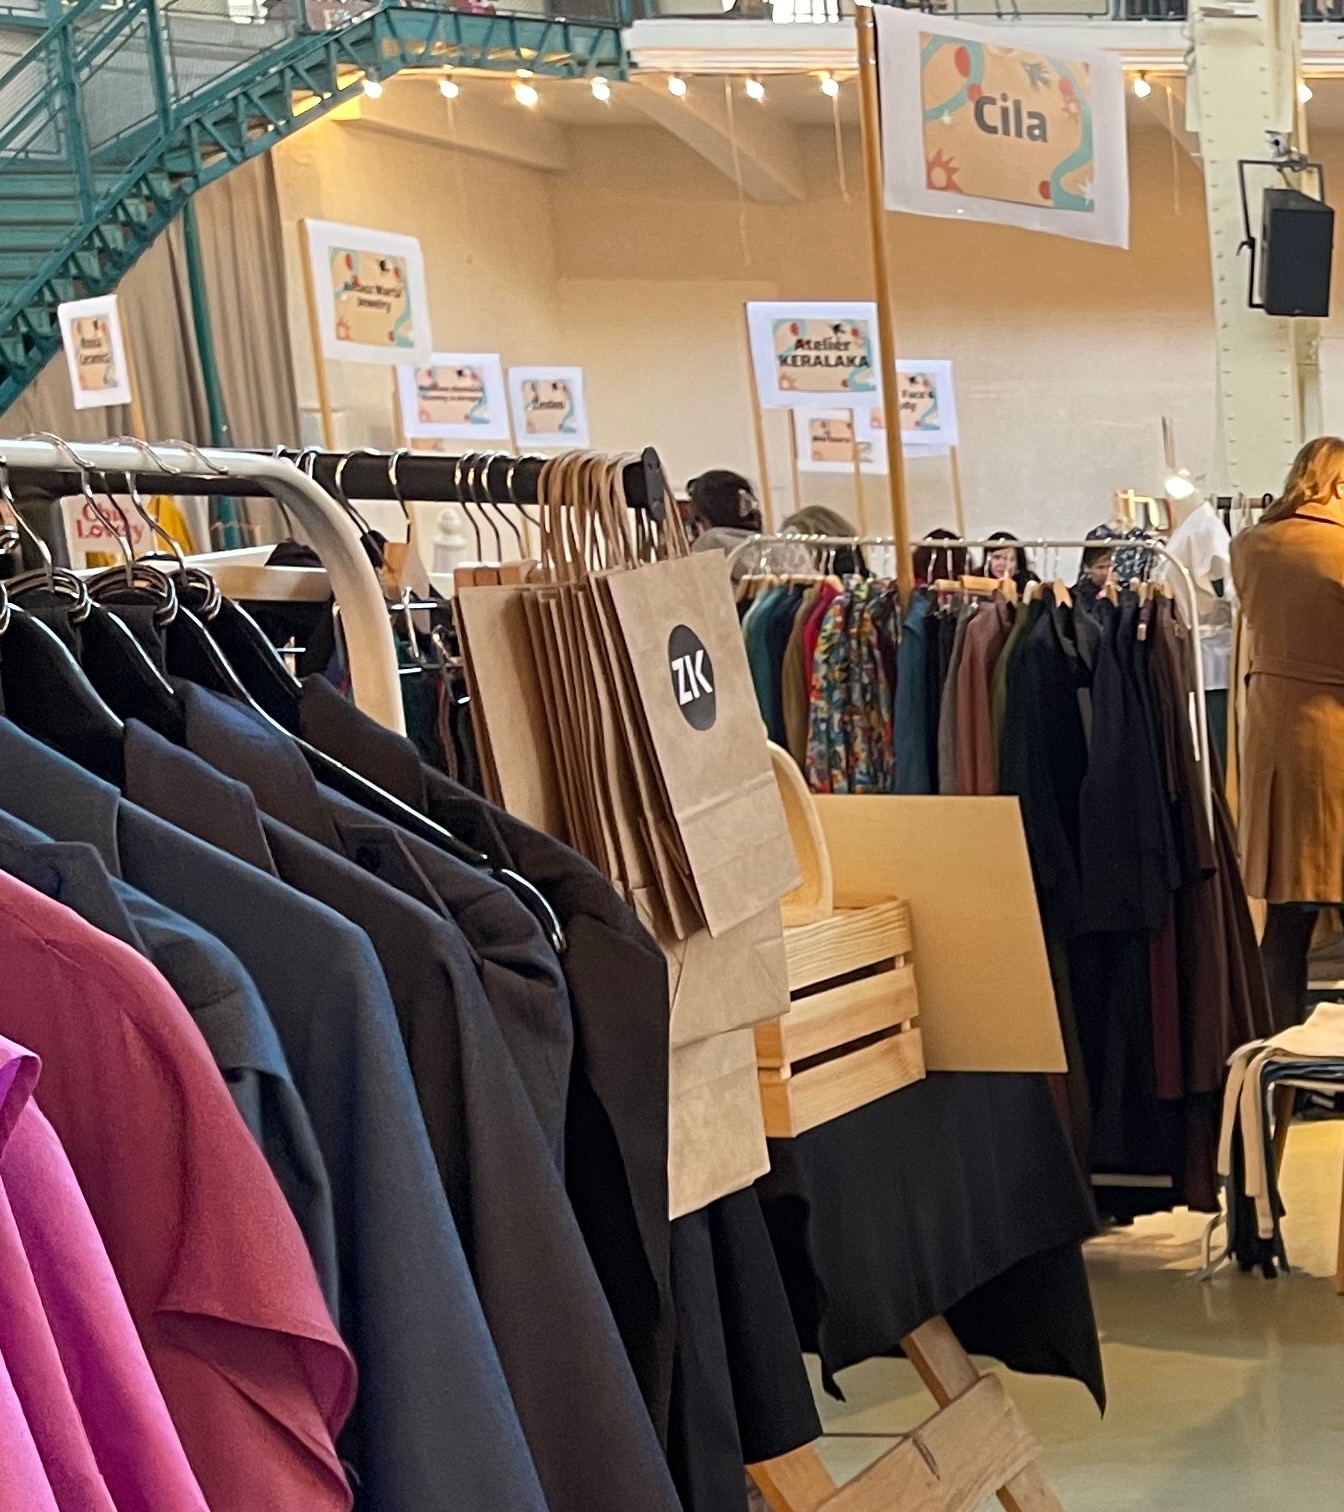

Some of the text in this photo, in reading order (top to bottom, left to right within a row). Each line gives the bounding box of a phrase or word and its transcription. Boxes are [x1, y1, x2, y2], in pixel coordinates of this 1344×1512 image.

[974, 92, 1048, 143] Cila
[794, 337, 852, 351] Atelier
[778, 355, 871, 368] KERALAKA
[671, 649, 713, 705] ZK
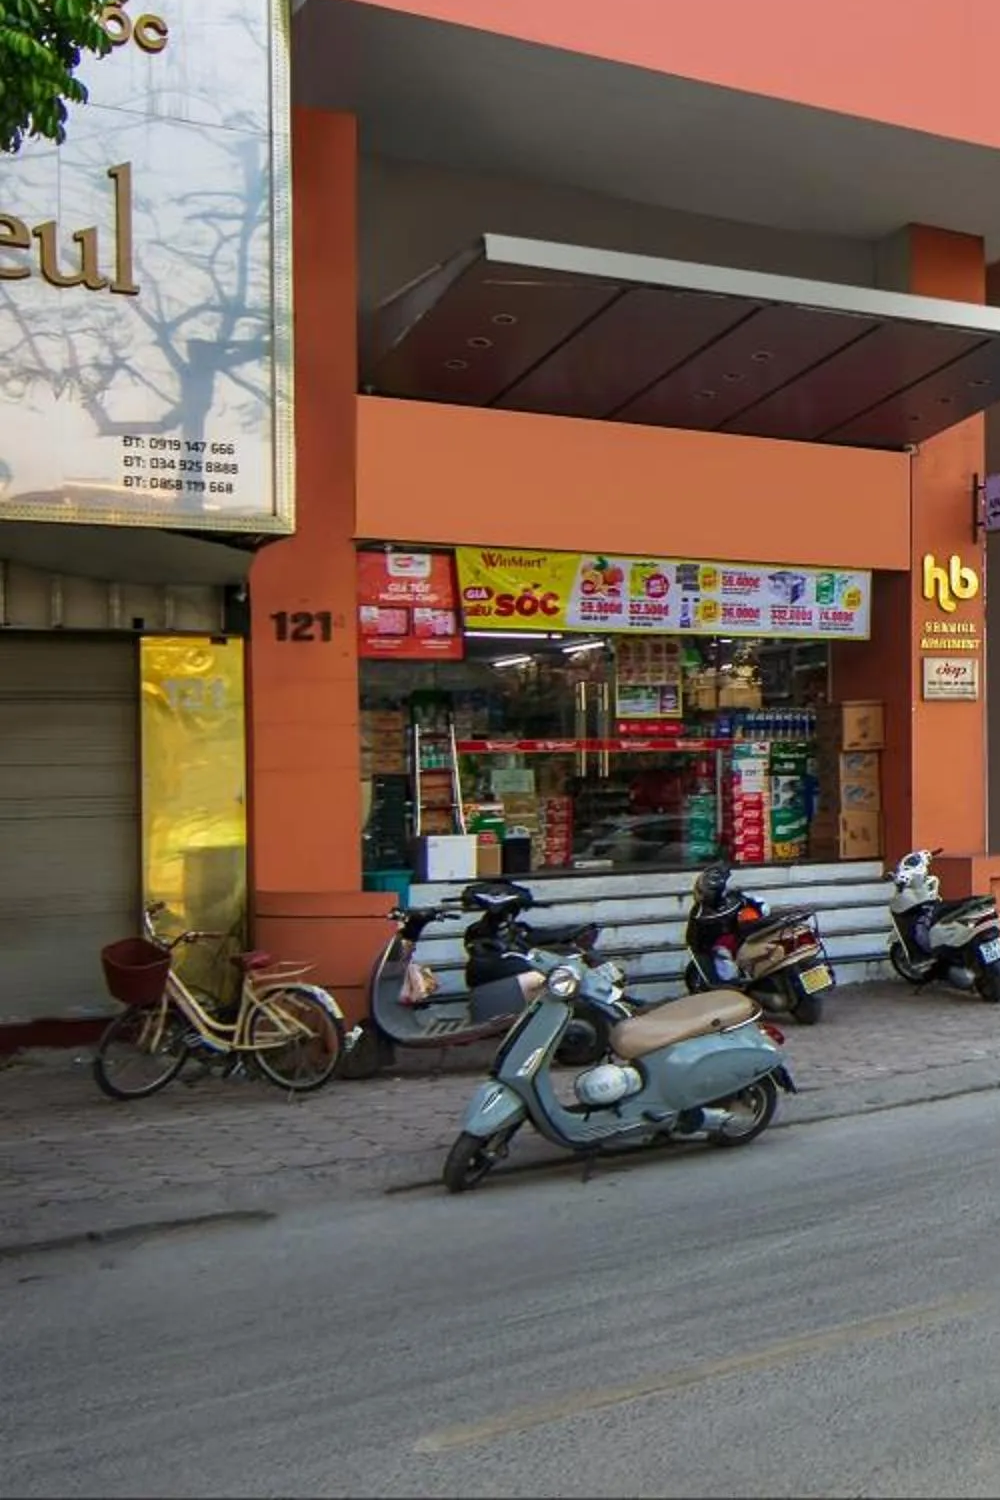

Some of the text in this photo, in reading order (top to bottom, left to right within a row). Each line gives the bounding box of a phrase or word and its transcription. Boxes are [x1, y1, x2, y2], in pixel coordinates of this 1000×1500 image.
---
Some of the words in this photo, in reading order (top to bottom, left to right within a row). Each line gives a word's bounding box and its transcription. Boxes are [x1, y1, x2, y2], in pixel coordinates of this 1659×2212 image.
...
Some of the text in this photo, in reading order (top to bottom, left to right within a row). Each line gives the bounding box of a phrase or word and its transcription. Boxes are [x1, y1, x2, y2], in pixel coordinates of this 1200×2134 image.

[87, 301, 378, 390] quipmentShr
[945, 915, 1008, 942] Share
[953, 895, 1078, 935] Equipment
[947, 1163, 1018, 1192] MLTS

Directions for this task — Copy word for word the lines of the records above from the one with "this 1344×1512 image." up to and including the one with "this 1000×1500 image.". Skip the pictures.

Problem solution —
Some of the text in this photo, in reading order (top to bottom, left to right within a row). Each line gives the bounding box of a phrase or word and its transcription. Boxes are [x1, y1, x2, y2], in pixel coordinates of this 1344×1512 image.

[974, 92, 1048, 143] Cila
[794, 337, 852, 351] Atelier
[778, 355, 871, 368] KERALAKA
[671, 649, 713, 705] ZK

Some of the text in this photo, in reading order (top to bottom, left to right within a row). Each line gives the bounding box of a phrase or word and its transcription. Boxes are [x1, y1, x2, y2], in pixel coordinates of this 1000×1500 image.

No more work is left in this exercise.